EXERCISE AIM -> Retype all of the entries precisely.

Collected data:
- Opening Delimiter -
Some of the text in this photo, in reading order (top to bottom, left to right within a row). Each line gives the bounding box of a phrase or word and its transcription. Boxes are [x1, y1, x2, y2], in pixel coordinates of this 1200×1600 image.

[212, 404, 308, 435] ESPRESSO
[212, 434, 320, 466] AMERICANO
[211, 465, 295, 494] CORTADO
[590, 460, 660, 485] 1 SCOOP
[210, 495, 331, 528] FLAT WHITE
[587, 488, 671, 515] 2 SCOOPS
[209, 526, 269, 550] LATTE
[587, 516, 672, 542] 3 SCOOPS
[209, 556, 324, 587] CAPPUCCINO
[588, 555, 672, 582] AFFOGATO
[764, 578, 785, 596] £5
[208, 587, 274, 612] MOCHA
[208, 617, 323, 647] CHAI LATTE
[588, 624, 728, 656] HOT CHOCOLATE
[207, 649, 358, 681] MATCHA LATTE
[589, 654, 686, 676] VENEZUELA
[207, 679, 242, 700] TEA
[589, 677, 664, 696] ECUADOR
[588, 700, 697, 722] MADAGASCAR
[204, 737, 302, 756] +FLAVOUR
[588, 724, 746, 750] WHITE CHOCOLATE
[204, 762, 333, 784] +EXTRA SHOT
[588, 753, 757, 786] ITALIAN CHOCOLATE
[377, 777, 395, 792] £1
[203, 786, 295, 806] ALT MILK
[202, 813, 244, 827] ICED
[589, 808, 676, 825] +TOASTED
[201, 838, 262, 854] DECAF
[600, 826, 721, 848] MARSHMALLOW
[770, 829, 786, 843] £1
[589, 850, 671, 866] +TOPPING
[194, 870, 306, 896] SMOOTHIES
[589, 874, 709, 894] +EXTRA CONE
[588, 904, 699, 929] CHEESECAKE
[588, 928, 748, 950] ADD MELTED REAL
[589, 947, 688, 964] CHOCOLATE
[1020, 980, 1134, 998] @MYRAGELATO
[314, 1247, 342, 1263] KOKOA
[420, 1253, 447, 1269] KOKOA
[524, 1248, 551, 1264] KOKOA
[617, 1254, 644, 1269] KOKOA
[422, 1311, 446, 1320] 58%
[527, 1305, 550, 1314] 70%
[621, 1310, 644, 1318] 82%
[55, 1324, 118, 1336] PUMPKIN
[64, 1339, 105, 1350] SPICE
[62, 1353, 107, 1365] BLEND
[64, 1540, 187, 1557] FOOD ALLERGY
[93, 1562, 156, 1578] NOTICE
- Closing Delimiter -
SOLUTION TO THIS PROBLEM ->
Some of the text in this photo, in reading order (top to bottom, left to right within a row). Each line gives the bounding box of a phrase or word and its transcription. Boxes are [x1, y1, x2, y2], in pixel coordinates of this 1200×1600 image.

[212, 404, 308, 435] ESPRESSO
[212, 434, 320, 466] AMERICANO
[211, 465, 295, 494] CORTADO
[590, 460, 660, 485] 1 SCOOP
[210, 495, 331, 528] FLAT WHITE
[587, 488, 671, 515] 2 SCOOPS
[209, 526, 269, 550] LATTE
[587, 516, 672, 542] 3 SCOOPS
[209, 556, 324, 587] CAPPUCCINO
[588, 555, 672, 582] AFFOGATO
[764, 578, 785, 596] £5
[208, 587, 274, 612] MOCHA
[208, 617, 323, 647] CHAI LATTE
[588, 624, 728, 656] HOT CHOCOLATE
[207, 649, 358, 681] MATCHA LATTE
[589, 654, 686, 676] VENEZUELA
[207, 679, 242, 700] TEA
[589, 677, 664, 696] ECUADOR
[588, 700, 697, 722] MADAGASCAR
[204, 737, 302, 756] +FLAVOUR
[588, 724, 746, 750] WHITE CHOCOLATE
[204, 762, 333, 784] +EXTRA SHOT
[588, 753, 757, 786] ITALIAN CHOCOLATE
[377, 777, 395, 792] £1
[203, 786, 295, 806] ALT MILK
[202, 813, 244, 827] ICED
[589, 808, 676, 825] +TOASTED
[201, 838, 262, 854] DECAF
[600, 826, 721, 848] MARSHMALLOW
[770, 829, 786, 843] £1
[589, 850, 671, 866] +TOPPING
[194, 870, 306, 896] SMOOTHIES
[589, 874, 709, 894] +EXTRA CONE
[588, 904, 699, 929] CHEESECAKE
[588, 928, 748, 950] ADD MELTED REAL
[589, 947, 688, 964] CHOCOLATE
[1020, 980, 1134, 998] @MYRAGELATO
[314, 1247, 342, 1263] KOKOA
[420, 1253, 447, 1269] KOKOA
[524, 1248, 551, 1264] KOKOA
[617, 1254, 644, 1269] KOKOA
[422, 1311, 446, 1320] 58%
[527, 1305, 550, 1314] 70%
[621, 1310, 644, 1318] 82%
[55, 1324, 118, 1336] PUMPKIN
[64, 1339, 105, 1350] SPICE
[62, 1353, 107, 1365] BLEND
[64, 1540, 187, 1557] FOOD ALLERGY
[93, 1562, 156, 1578] NOTICE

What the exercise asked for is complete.